Here are three errors which every beekeeper should avert:
1. Not understanding the best time to begin hobby or a beekeeping company can prove to be a calamity. It can lead to some lack of your bees and cash. Since most bees expire during the winter winter is the worst possible time to begin. This would induce a beekeeper to buy a fresh mountain of bees, which would be more expensive cash. Autumn is another poor time since you will find fewer flowers, thus a smaller number of honey harvested to begin beekeeping. The best time to begin beekeeping is during summer, which will be the time of the year where there are lots of blooming flowers.
2. Purchasing used equipment and old books. This really is a familiar mistake made by many beginning beekeepers. Buying used gear and old beekeeping publications isn’t a good idea, although it is understandable that one would need to cut costs as much as possible. First, used gear can come with “familial” difficulties. The extractor outlet might have a leak, or the uncapping knife mightn’t be sharp enough to uncap all the wax in one go. This would surely change the quality of one’s honey, which isn’t an ideal scenario particularly if a beekeeper is planning to begin a honey-selling company. Second, old novels can supply aged information on beekeeping. One might be stuck using the traditional approach when there are better and quicker ways production honey and to keep beehives.

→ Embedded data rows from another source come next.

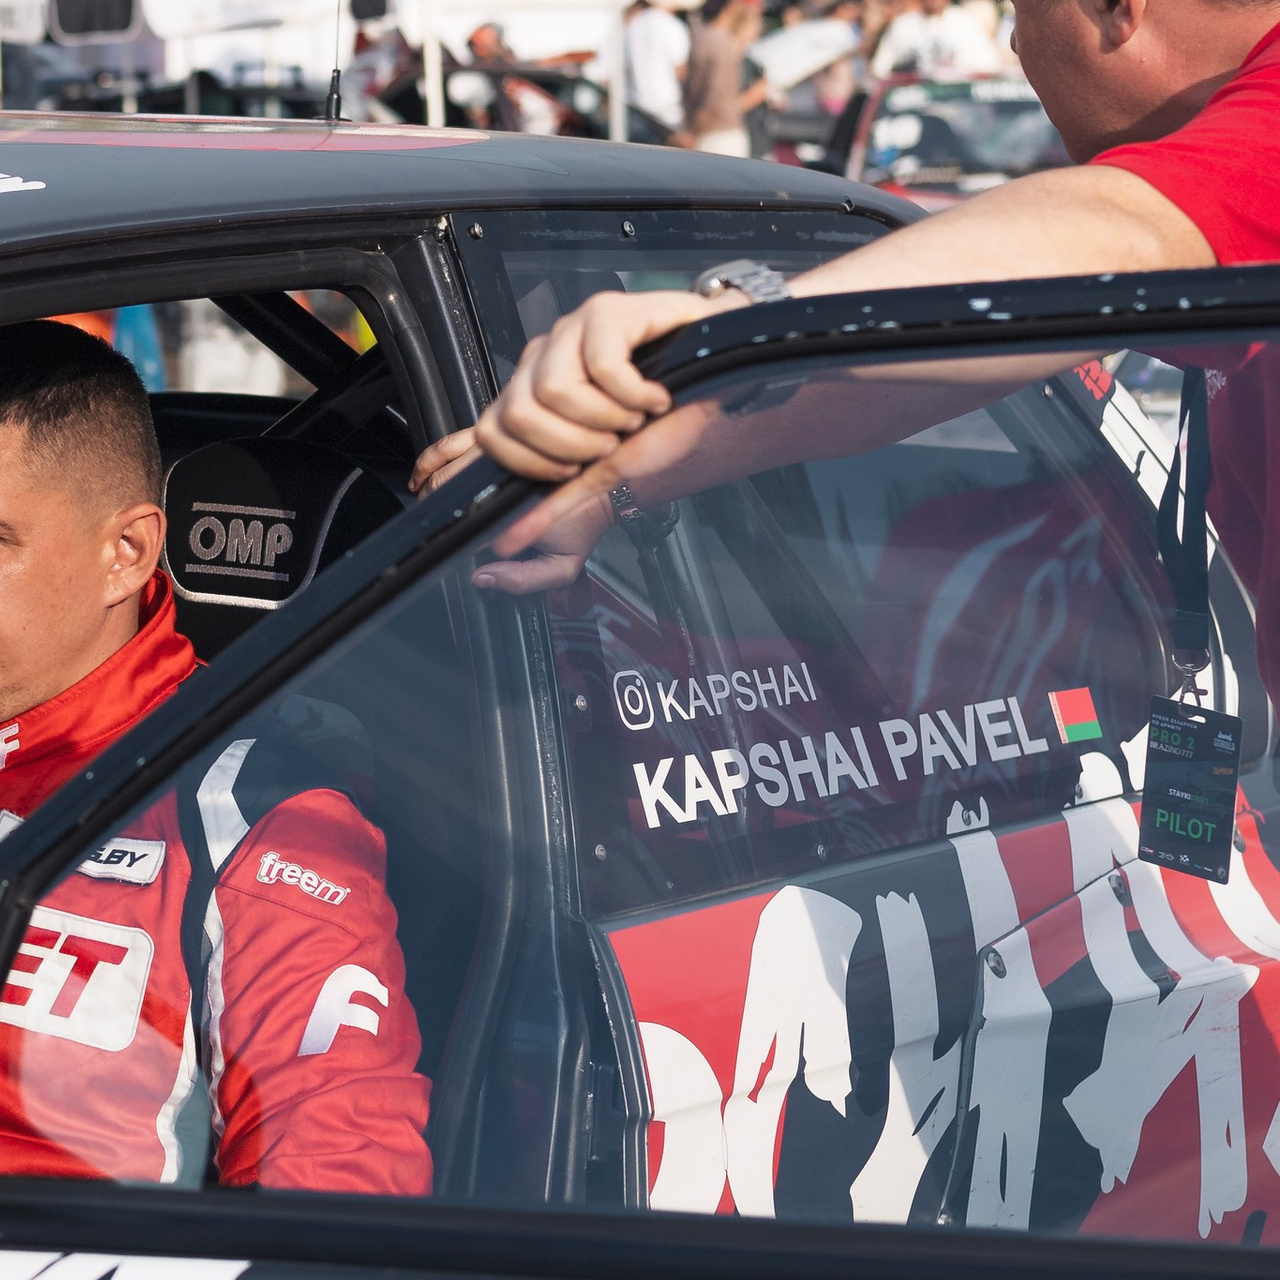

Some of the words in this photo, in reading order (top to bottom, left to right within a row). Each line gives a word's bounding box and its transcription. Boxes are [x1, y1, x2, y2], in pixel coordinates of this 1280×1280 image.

[189, 514, 294, 567] OMP
[657, 662, 818, 723] KAPSHAI
[633, 725, 879, 829] KAPSHAI
[879, 696, 1049, 782] PAVEL
[1150, 726, 1181, 746] PRO
[1155, 807, 1217, 843] PILOT

3. Refraining from buying protective gear. Think relating to this. He/she’ll come out as a pincushion with all the bee stingers, if one does not wear protective equipment when managing the hives and gathering the honeycombs. Protective equipment is not cheap, yes, but it is going to help beekeepers avert having to pay medical bills from all the bee stings.

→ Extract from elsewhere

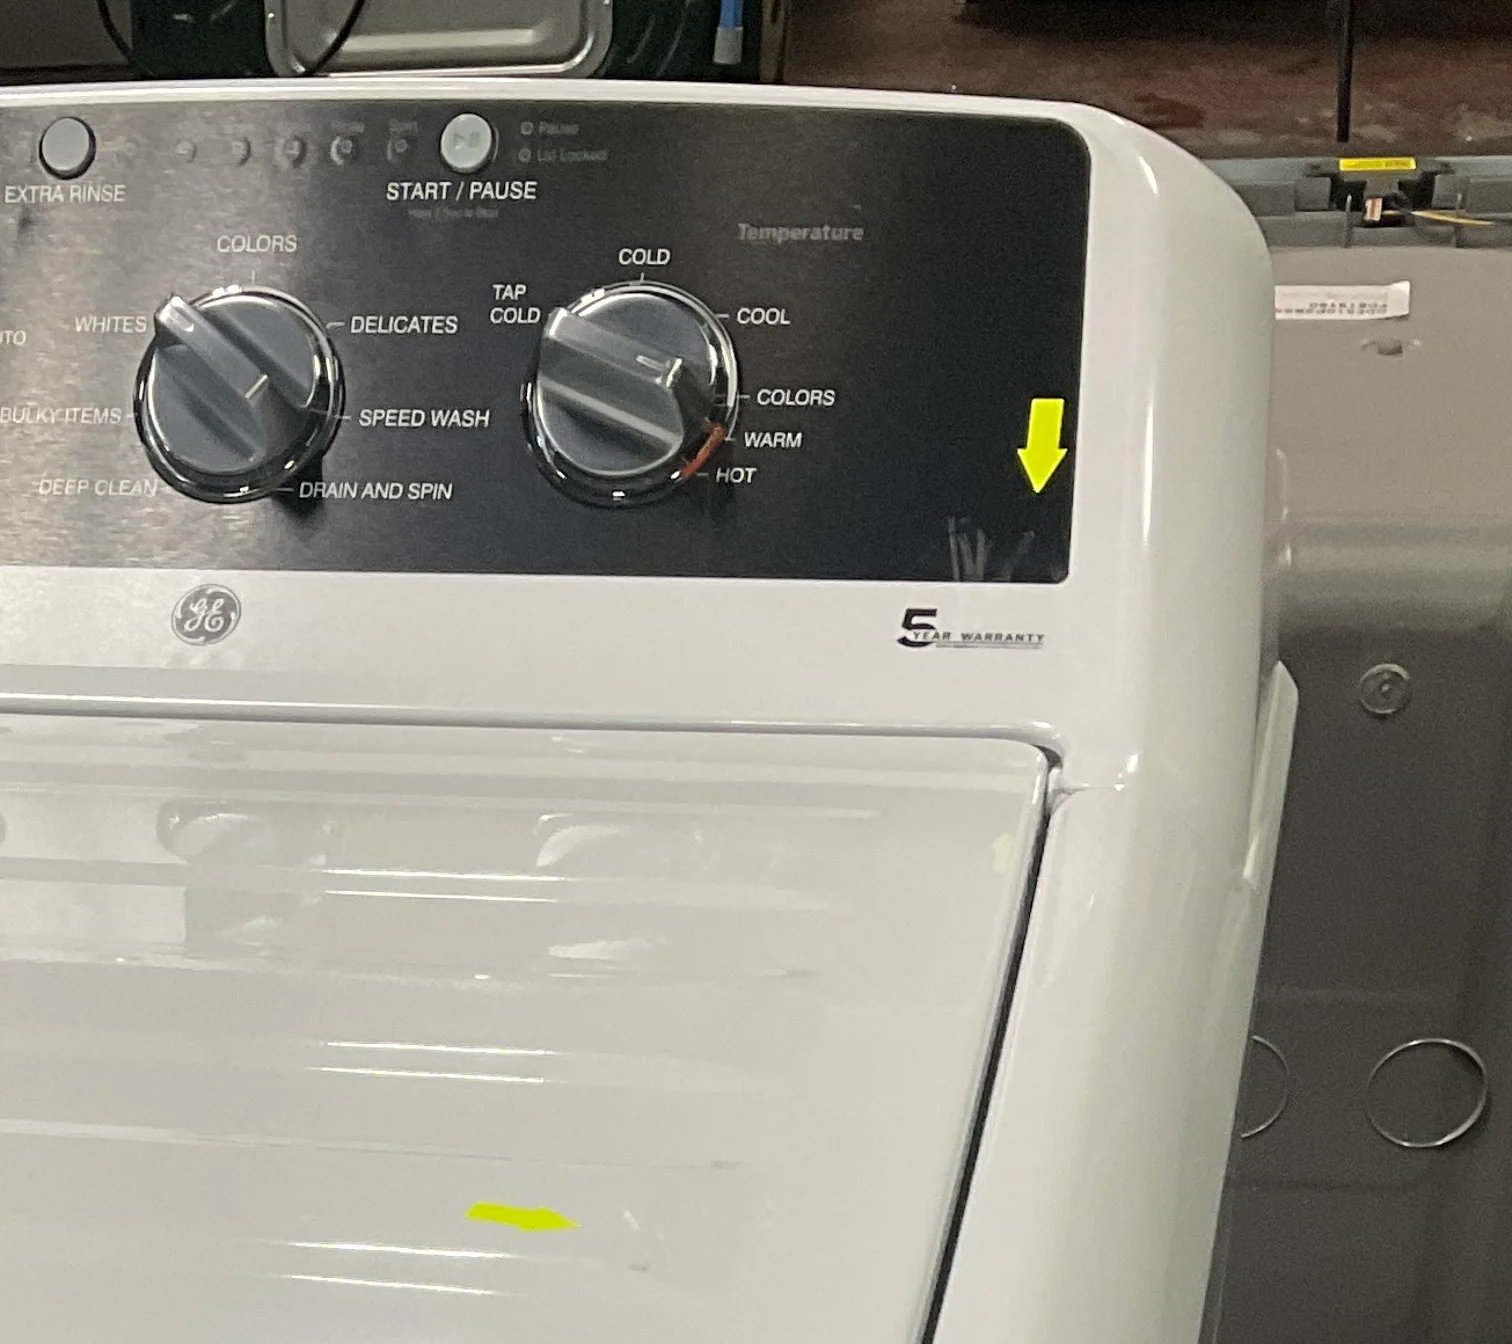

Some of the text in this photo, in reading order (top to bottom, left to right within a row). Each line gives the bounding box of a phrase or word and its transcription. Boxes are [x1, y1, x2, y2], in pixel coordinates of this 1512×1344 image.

These three errors have been presented here to help future beekeepers avoid them. It’s a good idea to consult with a professional beekeeper before getting started beekeeping. If purchasing a particular thing seems overly high-priced, consistently think about the ending price ( in case that they don’t buy this thing now, will it cost them more later on?). In the end, it’s up to the individual to determine the best plan of action.